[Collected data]
========

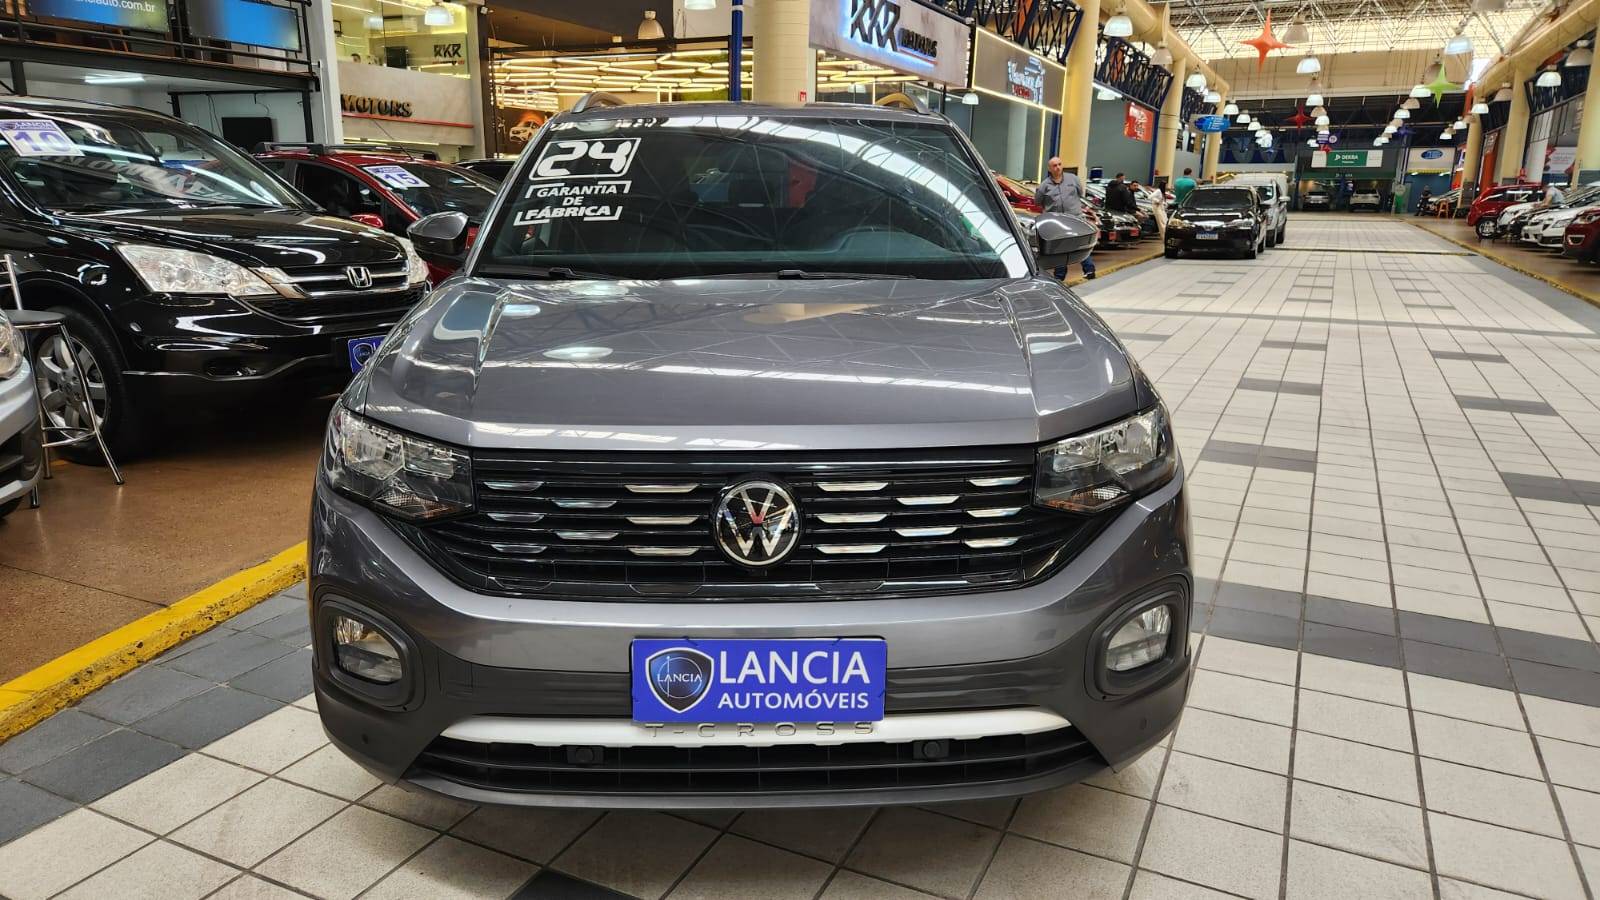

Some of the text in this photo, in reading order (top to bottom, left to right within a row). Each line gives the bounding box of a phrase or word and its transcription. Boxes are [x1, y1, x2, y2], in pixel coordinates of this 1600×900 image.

[340, 94, 413, 118] MOTORS
[14, 131, 71, 152] 10
[537, 141, 632, 176] 24
[384, 173, 420, 185] 15
[536, 185, 617, 198] GARANTIA
[562, 196, 584, 206] DE
[525, 205, 611, 220] FÁBRICA
[719, 650, 871, 684] LANCIA
[657, 673, 703, 683] LANCIA
[717, 689, 870, 709] AUTOMÓVEIS
[645, 721, 875, 738] T-CROSS
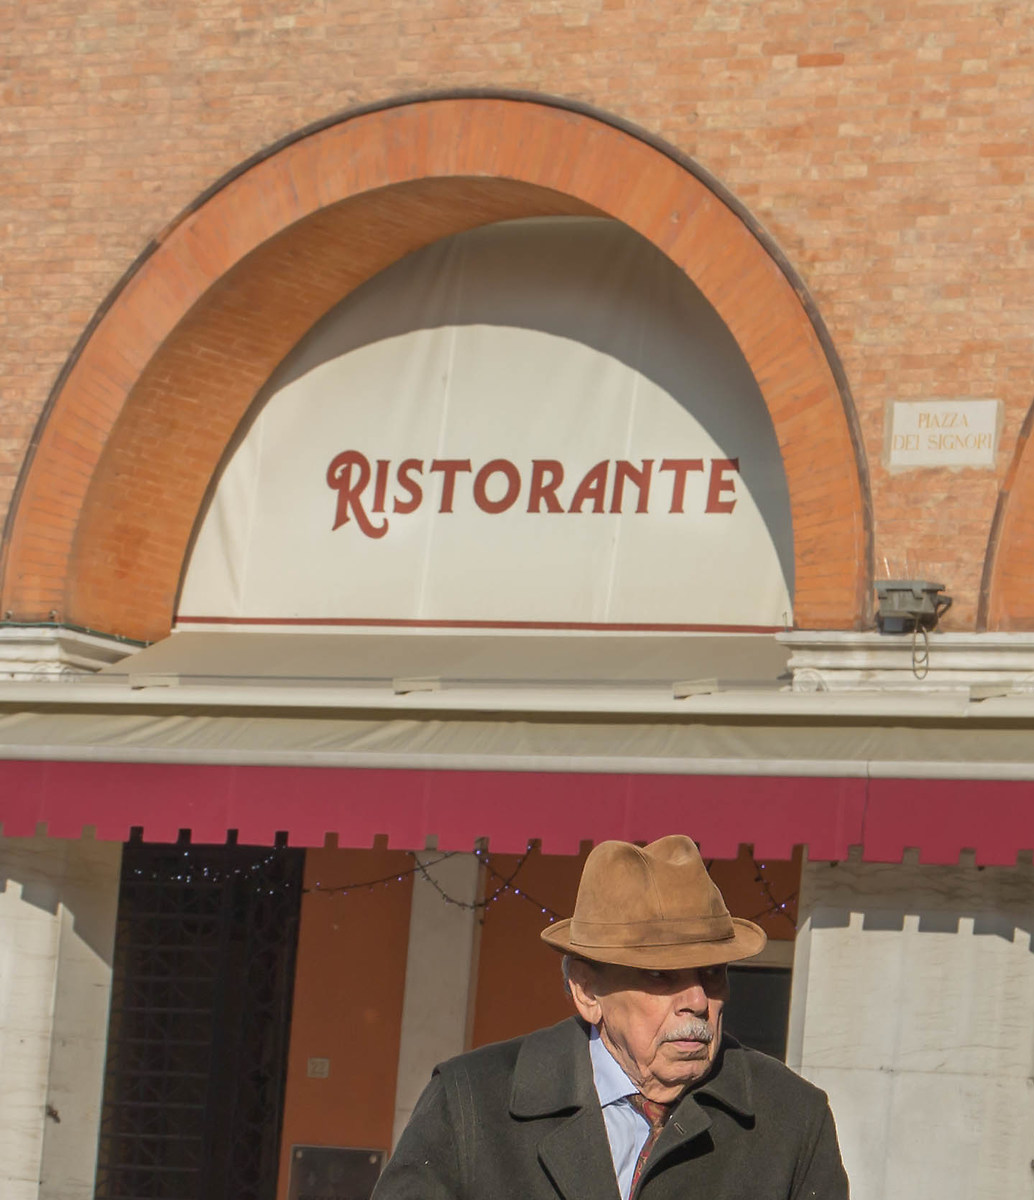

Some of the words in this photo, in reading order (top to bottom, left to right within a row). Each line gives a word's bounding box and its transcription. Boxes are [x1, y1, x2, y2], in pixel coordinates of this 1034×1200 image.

========

EXERCISE INSTRUCTIONS:
Print the records above verbatim, pictures excluded.

REPLY TO THE TASK:
Some of the text in this photo, in reading order (top to bottom, left to right within a row). Each line gives the bounding box of a phrase or word and its transcription. Boxes are [x1, y1, x2, y2], in pixel coordinates of this 1600×900 image.

[340, 94, 413, 118] MOTORS
[14, 131, 71, 152] 10
[537, 141, 632, 176] 24
[384, 173, 420, 185] 15
[536, 185, 617, 198] GARANTIA
[562, 196, 584, 206] DE
[525, 205, 611, 220] FÁBRICA
[719, 650, 871, 684] LANCIA
[657, 673, 703, 683] LANCIA
[717, 689, 870, 709] AUTOMÓVEIS
[645, 721, 875, 738] T-CROSS

Some of the words in this photo, in reading order (top to bottom, left to right within a row). Each line gives a word's bounding box and its transcription. Boxes are [x1, y1, x2, y2], in pixel coordinates of this 1034×1200 image.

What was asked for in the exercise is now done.